PROJECT HISTORY STUFF: In 2007, I decided to digitize my home movies to see what was worth preserving. I originally set out to make a memento of my days in the rave scene, and also a tribute to my friend Craig, whose tragic death in 2002 bore unsettling similarities to the plot of his favorite movie, Donnie Darko.
Coincidentally, I happened to work for an art school known for its personal documentaries . . . introspective, autobiographical documentaries made from home movies. So, I approached one of the filmmakers there to see if something could be made of my videos. In 2008, I began sitting down with Robb Moss once a month to review footage and learn how to build a personal documentary. We were only a couple of months into our sessions when my father died in a horrific car crash, and I discovered that he had a secret, second family. But nobody in my family was willing to talk to me about his death, the other family, or my long history of difficulties with my father. So, I began to talk to myself about these things . . . in the form of the movie. And, I began to see how all these issues were intertwined . . . my days in the rave scene, the problems with father, my troubled history with girls, my prior drug addiction.
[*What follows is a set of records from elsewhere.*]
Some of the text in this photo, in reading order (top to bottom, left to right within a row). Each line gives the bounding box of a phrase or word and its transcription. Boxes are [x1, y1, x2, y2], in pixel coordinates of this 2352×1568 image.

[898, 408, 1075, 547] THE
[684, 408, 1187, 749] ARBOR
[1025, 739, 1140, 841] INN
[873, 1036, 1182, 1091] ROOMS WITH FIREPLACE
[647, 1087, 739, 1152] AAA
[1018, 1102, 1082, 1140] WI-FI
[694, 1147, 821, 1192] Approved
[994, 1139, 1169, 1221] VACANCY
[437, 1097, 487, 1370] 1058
So, I set out to do whatever it took to take an honest look at the relationships in my life, both good and bad, and I ended up spending four years working on this movie under Robb’s guidance. It was the most difficult thing I’ve ever done, but I felt that I had to . . . for myself, for Marcie and our family, for Craig. Before he died, Craig told me that it would someday fall on me to tell our story honestly, and as I worked on the project I felt that I had to honor that promise.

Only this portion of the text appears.